Lembro-me que adorava olhar para o meu saco e ver maçãs, nozes, castanhas, que depois poderia partilhar com os meus amigos. Agora estou numa outra região de Portugal e com o
tempo aprendi que por esta altura a tradição era (reparem no verbo) as crianças
festejarem os bolinhos-bolinhós: as crianças, com a cara tapada com uma máscara
de cartão assustadora, batiam à porta das pessoas pedindo que lhe oferecessem
alguma coisa (pelo que sei, seriam doces caseiros), enquanto cantavam a
seguinte canção:
Bolinhos e bolinhós
Para mim e para vós,
Para dar aos finados,
Que estão mortos e enterrados...
(…)
Se analisarmos com atenção é possível encontrar
semelhanças com estas tradições portuguesas e a conhecida festa americana, o halloween,
que por sua vez (como a maioria das tradições americanas), provém de uma outra
tradição, o festival pagão celta Samaihn, no qual se acredita que neste dia a
fronteira entre os dois mundos está aberta e é possível ter contacto com os que
já partiram. As semelhanças com os festejos do dia de todos os santos que se
celebra no dia 1 de Novembro e o dia dos finados no dia seguinte com a ida ao
cemitério pelos católicos é evidente e mostra como as culturas, crenças e
tradições vão sendo adotadas e influenciadas umas pelas outras. Portanto, a mim
não me choca que a dada altura se comece a celebrar o halloween em Portugal e
que as crianças sejam convidadas a se disfarçarem no dia 31 de outubro. Eu
própria, no ano passado, fiz questão de ter uma abóbora com uma carantonha a
iluminar a minha entrada no escuro... No final das contas todas estas
tradições acabam, por celebrar, também, os frutos que a terra dá nesta altura do
ano. Despedimo-nos de uma estação de abundância que termina, o verão, para iniciar
uma outra estação, o outono e que antecede uma outra, o inverno, de alimentos menos
diversificados e abundantes (isto se estivermos em consonância com o ciclo das
estações e não formos a correr para as grandes superfícies comprar tomates
em dezembro e morangos em janeiro). No entanto, fiz
questão de contar às minhas filhas como eu própria festejava esta época do ano em criança e
mesmo entre nós usámos máscaras e cantámos os bolinhos e bolinhós.
Mas não posso
ficar indiferente quando nas escolas o hallowen é a única tradição que é
lembrada e festejada com as crianças, em detrimento das tradições portuguesas.

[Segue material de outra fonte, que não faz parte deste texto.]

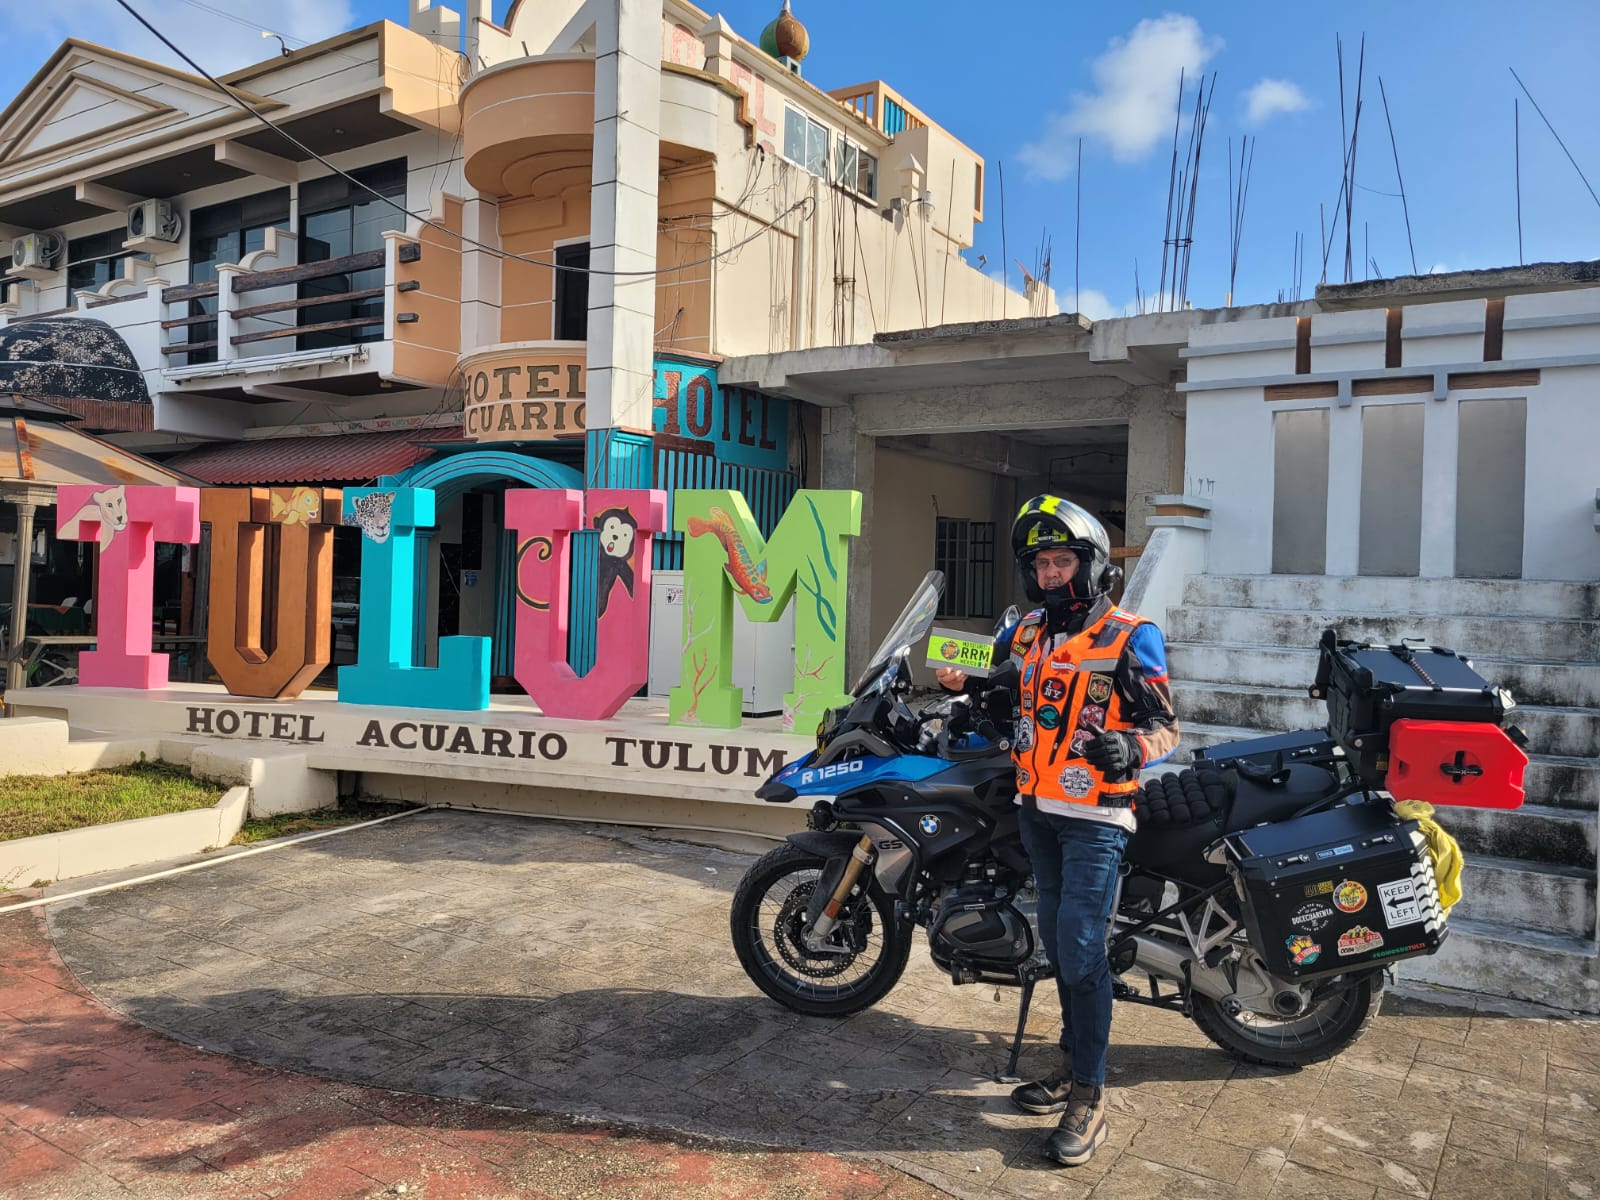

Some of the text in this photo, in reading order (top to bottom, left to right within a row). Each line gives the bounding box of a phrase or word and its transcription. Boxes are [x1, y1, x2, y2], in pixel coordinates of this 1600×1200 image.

[464, 402, 586, 436] CUARI
[57, 484, 863, 736] TULUM
[960, 647, 990, 662] RRM
[1044, 687, 1063, 699] NY
[185, 706, 788, 778] HOTEL ACUARIO TULUM
[801, 760, 863, 785] R 1250
[878, 840, 904, 850] GS
[1383, 884, 1410, 898] KEEP
[1390, 906, 1415, 919] LEFT

Não posso ficar indiferente quando se pedem às crianças para levarem doces para
a escola para trocarem umas com as outras e deixa-se para trás uma oportunidade
excelente para não só homenagearmos as nossas próprias tradições ancestrais e
antepassados mas também para ensinar e fomentar o consumo dos alimentos da
época. Fico triste em pensar que poderia estar a preparar para a minha filha
levar amanhã um saco de pano com frutas da época e em vez disso tenho que
enviar um punhado de... doces. Pergunto-me que relação é que estas novas
gerações terão com os alimentos, com os ciclos naturais da terra e, no fim da
linha, com a sua saúde física e mental, quando são os seus próprios mentores a
ignorar o que de melhor poderiam ensinar…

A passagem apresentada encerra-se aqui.